¿Tiempo perdido?

René Delgado
Entre el gradualismo a paso lento y el radicalismo atropellado, el tiempo perdido lleva a pensar por momentos que el fracaso o la imposibilidad constituyen el destino manifiesto nacional.
En más de una ocasión la adversidad ha frenado o complicado el ansia de imaginar y realizar un país con crecimiento sostenido y progreso compartido en un marco democrático, civilizado y plural. Sí, pero más frecuentemente tal anhelo lo ha echado abajo la clase política, asesorada por santones o demonios de la intelectualidad dados a diseñar y crear instituciones sin estructura sólida, anclajes del Estado con fallas de origen en su función, costo, alcance, inclusión y calidad. Con tal de hacerse sentir por una u otra razón, esa intelligentsia hasta se pule en plantear sesudos problemas a las soluciones.

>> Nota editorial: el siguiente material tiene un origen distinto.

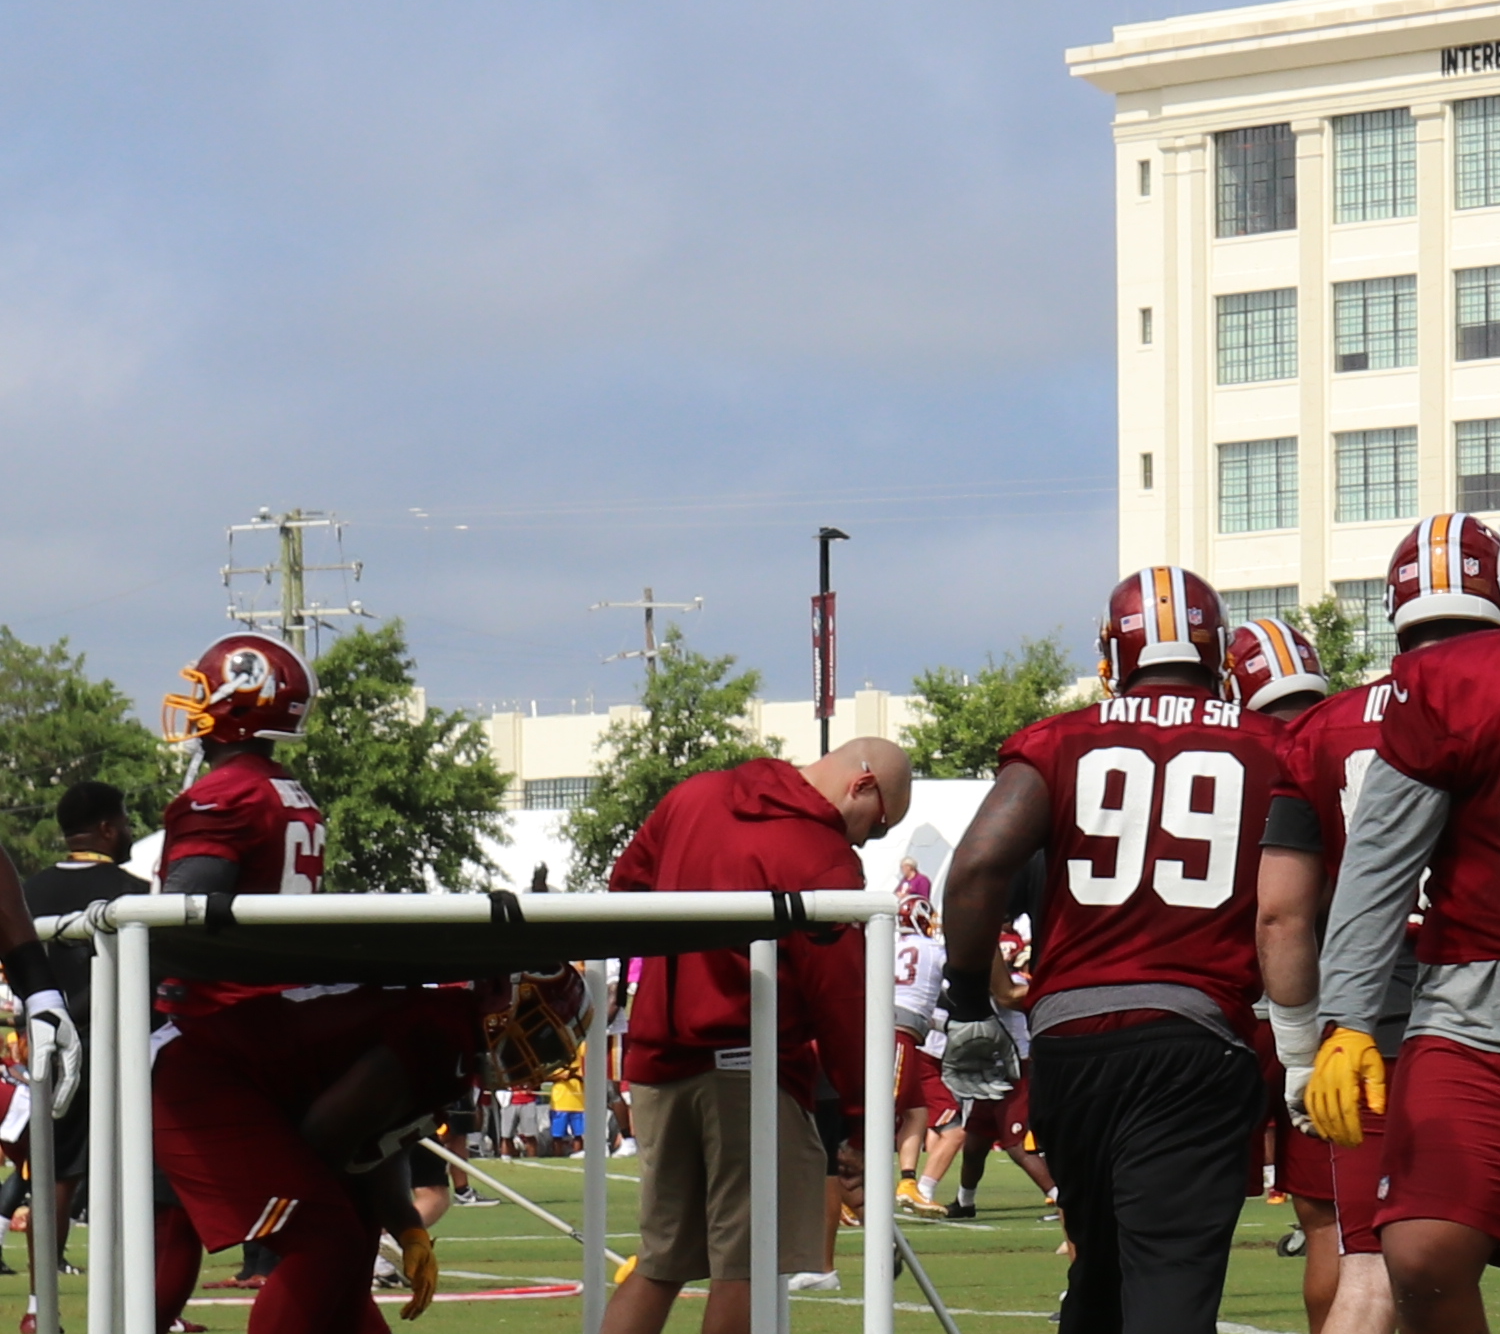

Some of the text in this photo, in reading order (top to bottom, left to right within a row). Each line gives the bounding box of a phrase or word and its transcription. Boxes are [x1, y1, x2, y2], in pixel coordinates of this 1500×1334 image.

[1099, 695, 1242, 728] TAYLOR SR
[1067, 746, 1245, 909] 99
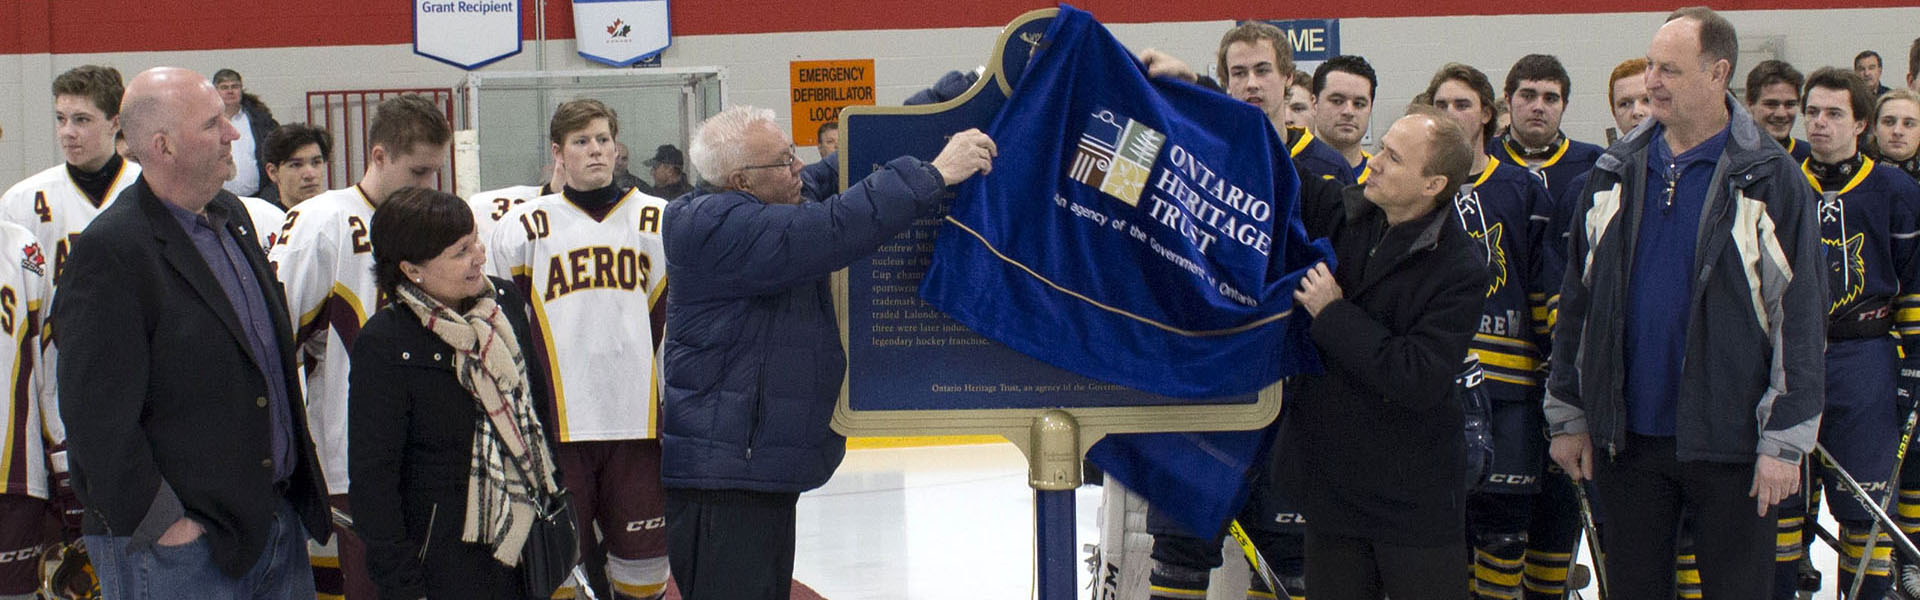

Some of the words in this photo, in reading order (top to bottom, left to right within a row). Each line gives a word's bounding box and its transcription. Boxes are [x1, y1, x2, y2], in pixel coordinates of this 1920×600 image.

[422, 1, 455, 13] Grant
[458, 1, 513, 15] Recipient
[799, 67, 865, 83] EMERGENCY
[793, 86, 873, 102] DEFIBRILLATOR
[1168, 144, 1271, 223] ONTARIO
[34, 190, 52, 223] 4
[1153, 167, 1272, 256] HERITAGE
[519, 209, 550, 241] 10
[638, 204, 661, 235] A
[1149, 194, 1217, 255] TRUST
[1053, 193, 1068, 208] An
[1070, 202, 1108, 227] agency
[1111, 219, 1127, 231] of
[1129, 225, 1147, 242] the
[1219, 282, 1258, 307] Ontario
[872, 256, 905, 266] nucleus
[543, 246, 653, 302] AEROS
[872, 270, 892, 281] Cup
[872, 297, 916, 307] trademark
[872, 310, 900, 320] traded
[904, 310, 939, 320] Lalonde
[872, 323, 895, 333] three
[897, 324, 918, 333] were
[920, 323, 941, 333] later
[872, 336, 914, 347] legendary
[916, 336, 946, 347] hockey
[932, 383, 962, 393] Ontario
[964, 384, 997, 394] Heritage
[1000, 384, 1021, 393] Trust,
[1035, 385, 1061, 393] agency
[1490, 473, 1537, 485] CCM
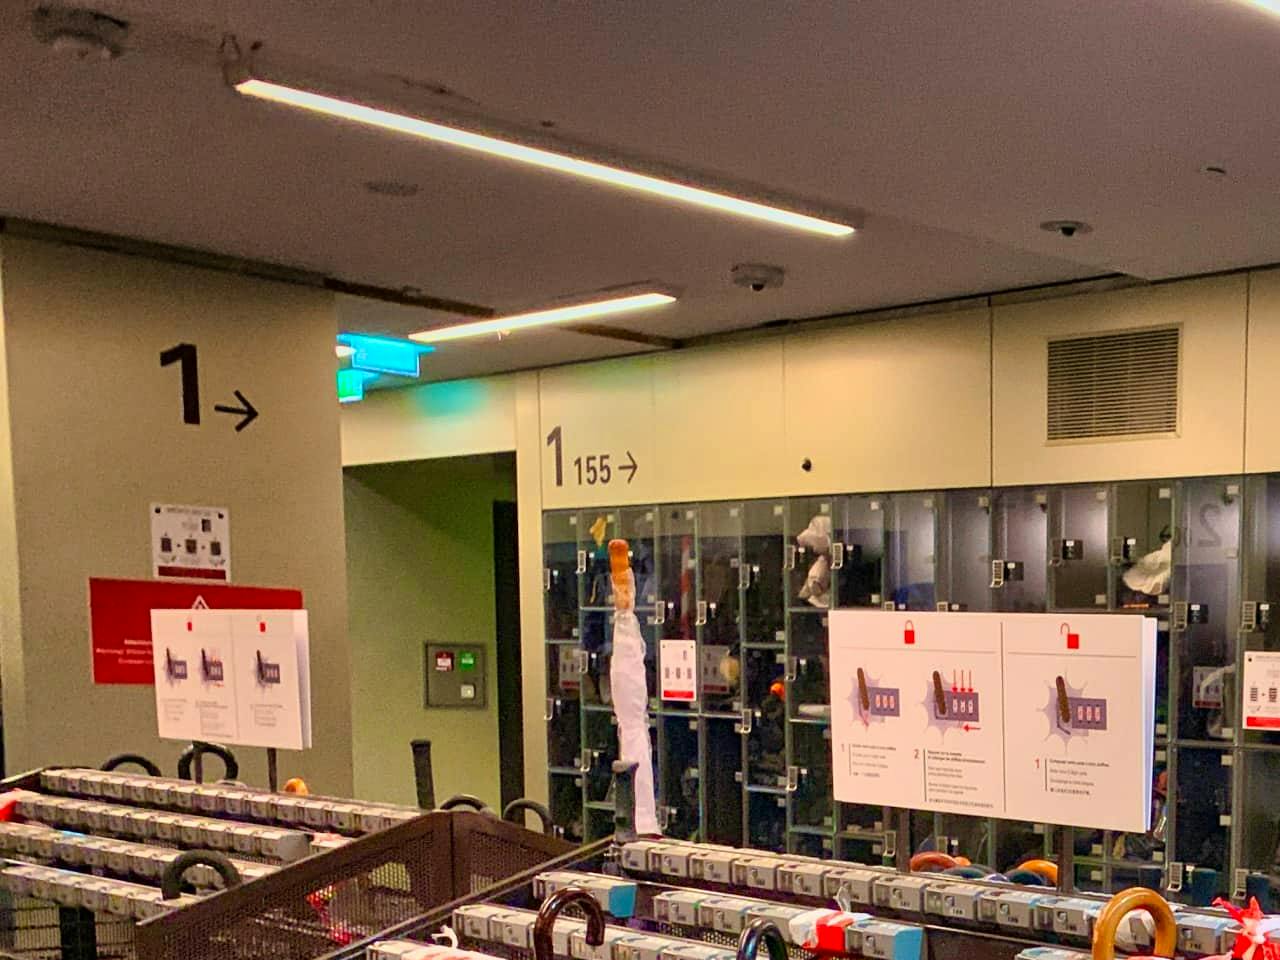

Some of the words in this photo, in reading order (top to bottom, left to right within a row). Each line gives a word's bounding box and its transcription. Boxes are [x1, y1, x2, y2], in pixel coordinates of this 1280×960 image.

[160, 343, 200, 425] 1
[547, 426, 563, 487] 1
[574, 454, 611, 485] 155
[914, 749, 920, 760] 2
[1035, 758, 1040, 769] 1

Entre estadistas de bolsillo, pensadores instantáneos y actores reacios a debatir, negociar, acordar y respetar políticas públicas perdurables, cada gobierno reforma, contra reforma y deforma instituciones hasta coronar un doble absurdo: evitar nuevos problemas porque siempre son los mismos y convertir en tradición las crisis sexenales.
La gran interrogante es cuántos años más se perderán, antes de ensayar de conjunto y de acuerdo algo distinto e indicado para darle oportunidad y perspectiva al país.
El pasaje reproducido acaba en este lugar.